Insulin resistance can also be a key factor in polycystic ovary syndrome (PCOS), in which the body produces abnormally high levels of androgens. The insulin throws the ovarian hormones off balance by over-stimulating the production of testosterone, which can lead to excess hair growth, including on the face and chest, and oily skin and related acne. It can also cause irregular or absent periods, hair loss (from the scalp), infertility and ovarian cysts.
“These cosmetic changes in hair and skin really may be indications of serious underlying conditions that should be fully evaluated, not just covered up,” explains Dr. Petak, who recommends a visit with a specialist if symptoms like these persist. “It’s important to be aware that this is representative of an underlying problem.”
PCOS is most commonly diagnosed in women in their 20s or 30s, but symptoms often begin during puberty. It affects between 4 to 18 percent of women.
Getting Hormones Under Control
Altering your diet can help prevent insulin resistance, and therefore can stave off PCOS. Dr. Booth recommends avoiding sugary foods, like white breads, crackers, pasta, and rice, and replacing them with whole grain substitutes. Low-fat proteins such as fish, poultry or plant-based options such as tofu or legumes, are a better protein choice over red meat or cured meats like sausage and cold cuts. And, fruits and vegetables, especially those high in fiber and low in sugar, are a must. 
Even women who don’t suffer from PCOS can benefit from watching their diet and exercising. Being overweight and avoiding exercise can affect hormone levels, which can in turn impact the skin and overall health. But, don’t go overboard: underweight women and those who over-exercise are also at risk.  Instead, aim for a body mass index between 20-25, says Dr. Petak.
For routine skin care, women—particularly those in their teens and 20s—can help control oily skin and related acne by using daily face cleansers that include salicylic acid. Older women who have lower estrogen levels and the related decrease in skin elasticity and increase in dryness might try a weekly exfoliant to slough off dead skin, as well as an antioxidant moisturizer. And, for wrinkles, retinoids can help. Of course, women of all ages should make sure to wear sunscreen. While this won’t impact the hormonal changes, sun damage can exacerbate some of the changes in the skin, including wrinkles.

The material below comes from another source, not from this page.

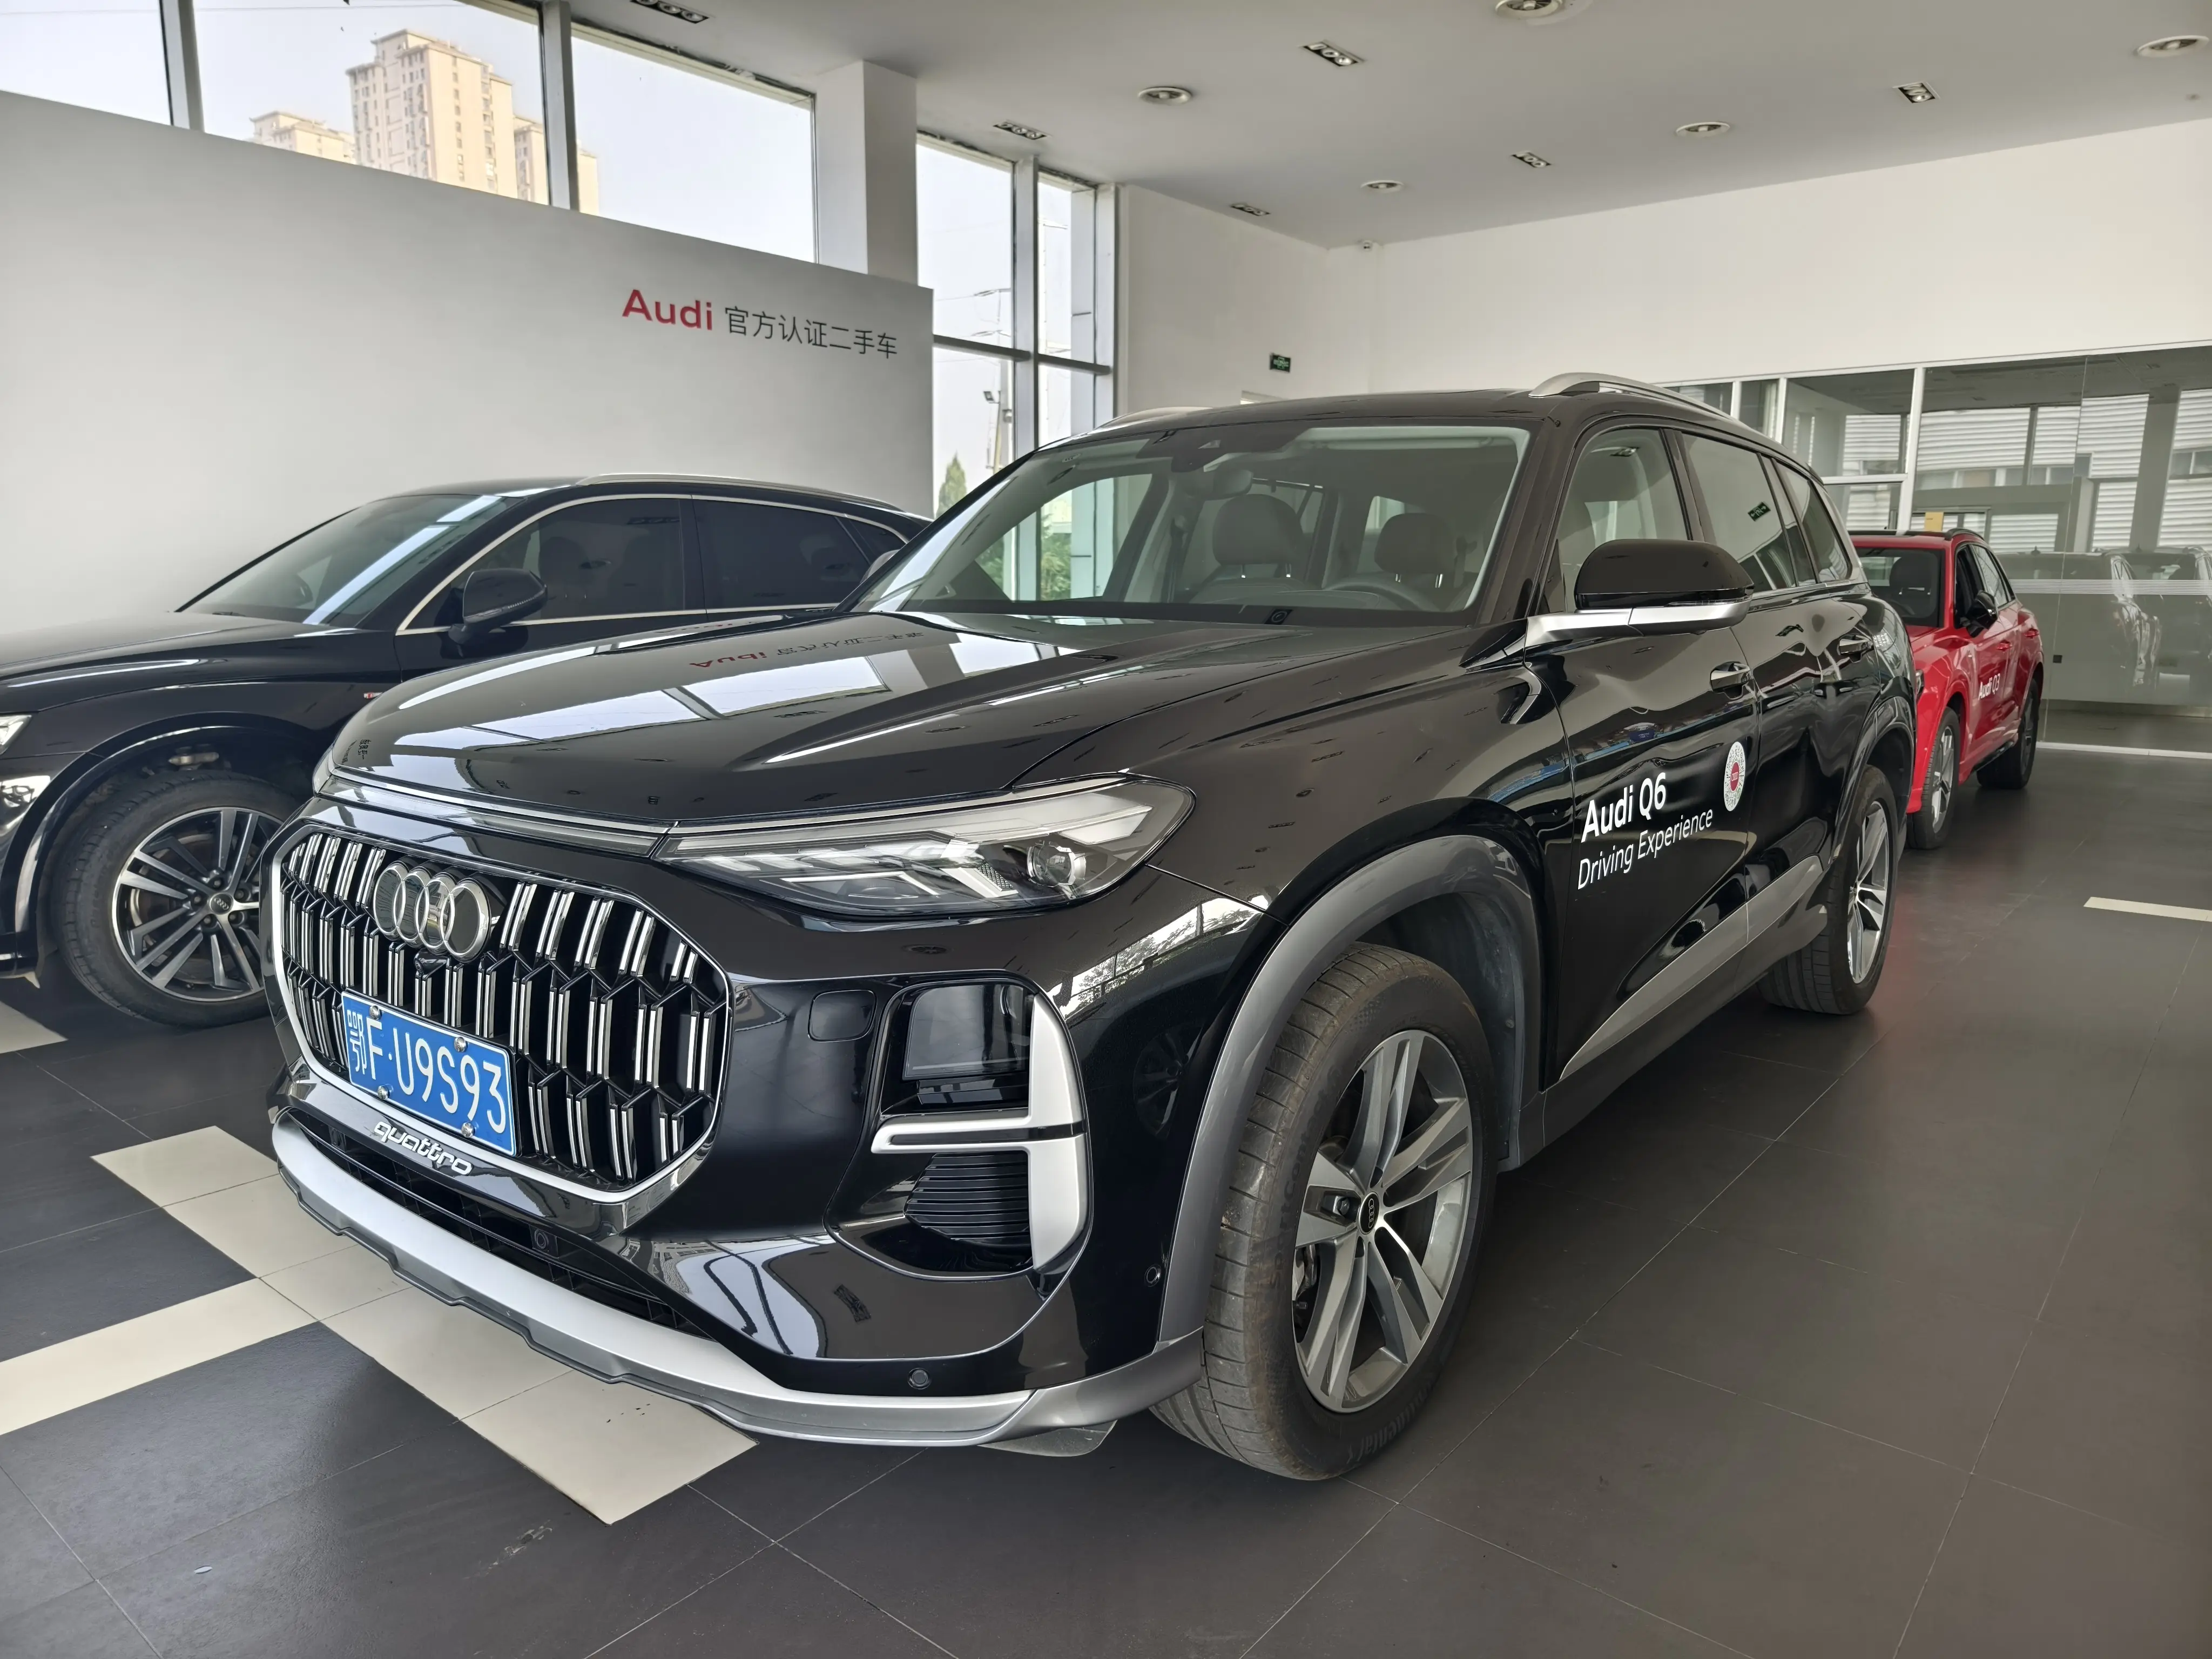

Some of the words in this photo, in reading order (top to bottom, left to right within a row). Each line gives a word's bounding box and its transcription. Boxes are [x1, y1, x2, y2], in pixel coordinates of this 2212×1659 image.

Most important, perhaps, is understanding how hormones can affect both your skin and your health, says Dr. Booth:
“Women must first understand the effects of their hormones on skin and overall health to empower them to seek lifestyle changes to navigate these natural fluctuations. With the power of knowledge, they can seek solutions to achieve the maximum glow of hormonal balance all month long and all life long.”